By Marc Jones
LONDON (Reuters) – Sterling faltered on Thursday and Europe’s main stock markets went in and out of the red as hopes for a smooth Brexit ran into familiar Irish border snags.
Asia earlier saw a five-day stocks rally grind to a halt as Wednesday’s disappointing U.S. retail sales data on spread gloom, including to the dollar, though even there traders were watching Brexit.
Ongoing Brexit talks passed various deadlines, but the main development was Northern Ireland’s Democratic Unionist Party saying that it could not support proposed solutions to Irish border checks. DUP support is considered crucial for any deal.

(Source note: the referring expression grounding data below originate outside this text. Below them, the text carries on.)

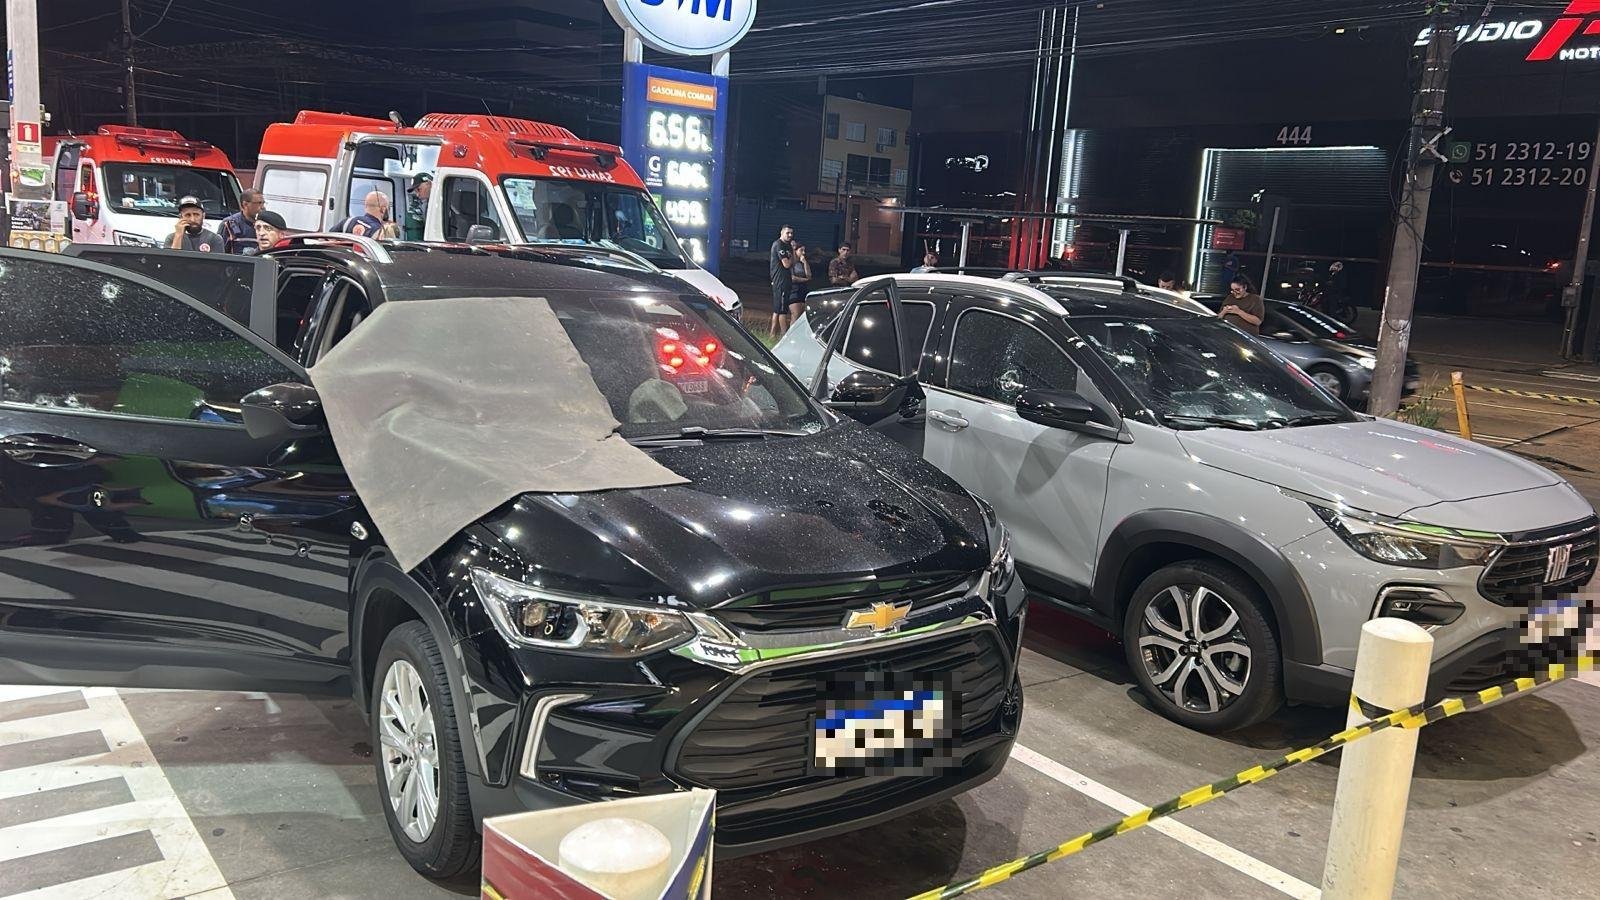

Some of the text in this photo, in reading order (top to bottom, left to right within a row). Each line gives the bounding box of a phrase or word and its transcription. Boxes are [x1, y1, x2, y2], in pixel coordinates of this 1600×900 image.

[1414, 20, 1543, 47] SUDIO
[1559, 46, 1600, 61] MOT
[651, 85, 713, 102] GASOLINA COMUM
[1277, 126, 1312, 145] 444
[1475, 142, 1595, 160] 51 2312-19
[649, 155, 661, 172] G
[1471, 168, 1586, 186] 51 2312-20
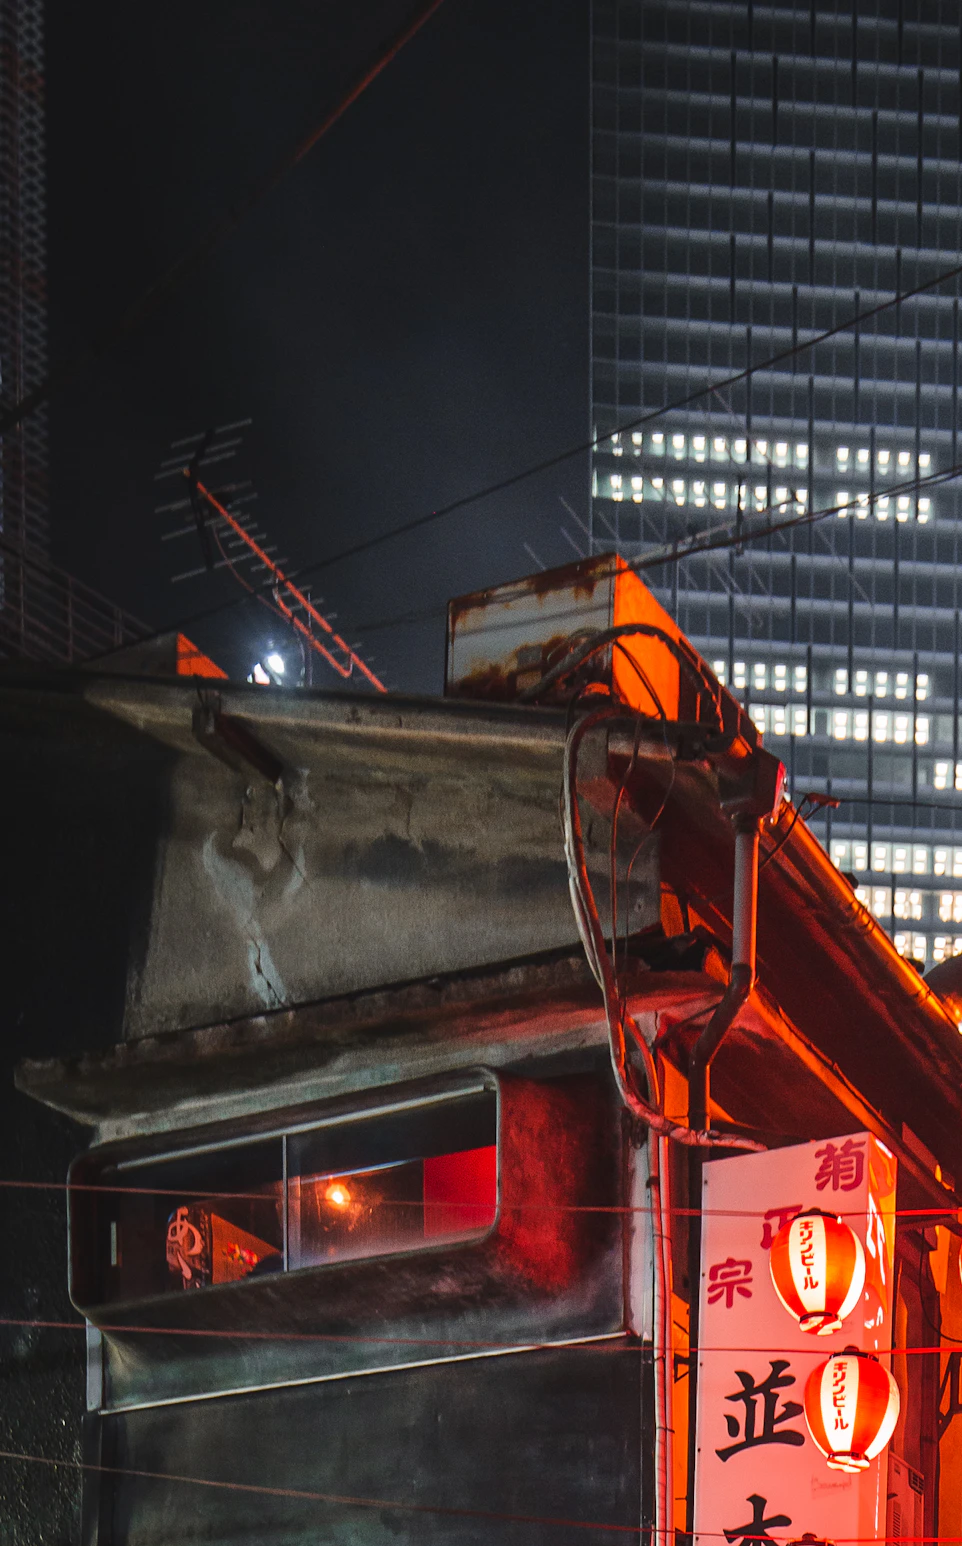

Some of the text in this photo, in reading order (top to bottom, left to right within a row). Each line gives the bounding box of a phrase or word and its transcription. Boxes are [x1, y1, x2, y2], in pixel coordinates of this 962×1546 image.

[798, 1220, 819, 1291] キリンビール
[832, 1361, 849, 1431] キリンビール
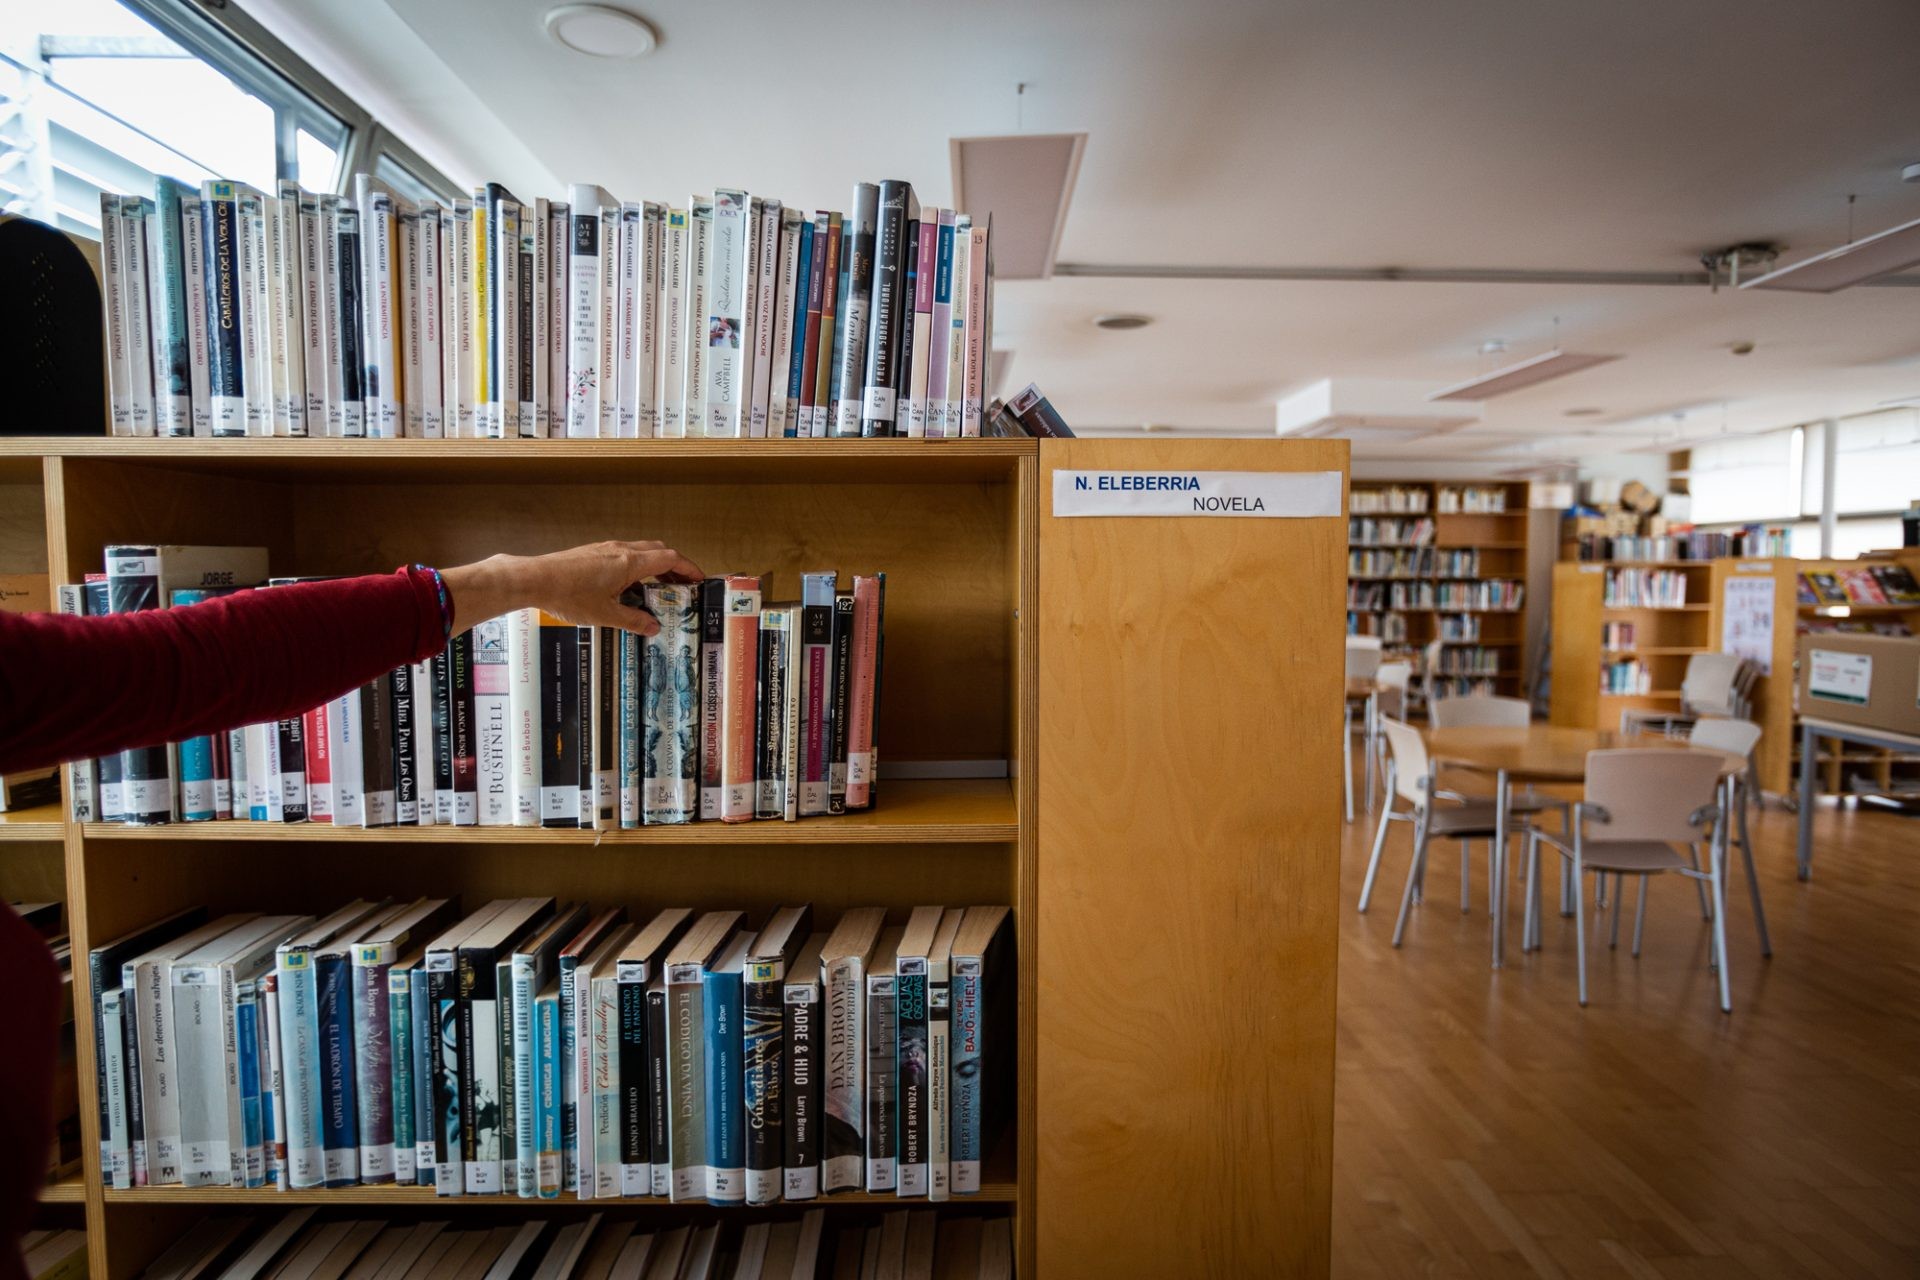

Sterling, which had shot to five-month highs, fell as much as 0.6% against the dollar to $1.2748 <GBP=D3> and 0.5% against the euro to as low as 86.81 pence <EURGBP=D3>, before steadying and regaining some ground.
Everything else was frozen. The pan-European STOXX 600 <.STOXX> barely budged, and in bond markets UK Gilts <GB10YT=RR>, German Bunds <DE10YT=RR> and most other government debt were treading water after a week of rising yields.
“Brexit’s the only show in town today”,” said Lyn Graham-Taylor, fixed income strategist at Rabobank.
He said he expected Britain to seek an extension to the Oct. 31 departure date. But investors were looking for a reason to sell, he said, and would be studying the tone in which any Brexit delay was sought.
“An extension with a positive tone would see a positive selloff,” he said.
Emerging-market stocks <.MSCIEF> gained for a sixth day, their longest winning streak since early April. U.S. Treasury Secretary Steven Mnuchin said that U.S. and Chinese trade negotiators were nailing down a Phase 1 trade deal text for their presidents to sign next month.
But U.S. retail sales fell for the first time in seven months, suggesting manufacturing-led weakness was spreading to the broader economy.
U.S. consumption has been one of few bright spots in the global economy, so the data fanned worries the Sino-U.S. trade war would ultimately tip the world into recession.
“While the U.S. suspended a hike in tariffs, it hasn’t gone as far as scrapping the tariffs altogether, so it is hard to expect a quick pick-up in the economy,” said Yoshinori Shigemi, global market strategist at JPMorgan Asset Management.
The dollar index <=USD> was last at 98.075, recovering from its lowest since Aug. 27 touched on Wednesday. Against the yen, it was a flat at 108.72 <JPY=> after peaking at 108.90. It stood at $1.1071 per euro <EUR=>, near a one-month low.
In commodities, oil prices slipped after industry data showed a larger-than-expected build-up in U.S. crude stockpiles, adding to concerns that global demand for oil may weaken amid further signs of an economic slowdown.
Brent crude <LCOc1> futures fell 0.89% to $58.89 a barrel. U.S. West Texas Intermediate crude <CLc1> lost 1.03% to $52.81.
Turkish markets remained in focus after the country’s military advance in Syria created tensions with United States and Europe and brought about mild sanctions. Turkish President Tayyip Erdogan is to meet with U.S. Vice President Mike Pence and Secretary of State Mike Pompeo later.
Although the U.S. pulled its troops out of the area to allow Turkey’s push, Pence and Pompeo are expected to urge Erdogan to declare a ceasefire, which Erdogan says will “never” happen. U.S. President Donald Trump warned of “devastating” sanctions if discussions did not go well.
Turkish stocks were down 1.8% and the lira weakened to 5.8877 to the dollar <TRY=>. It has lost nearly 5% this month, making it the world’s worst performer for October.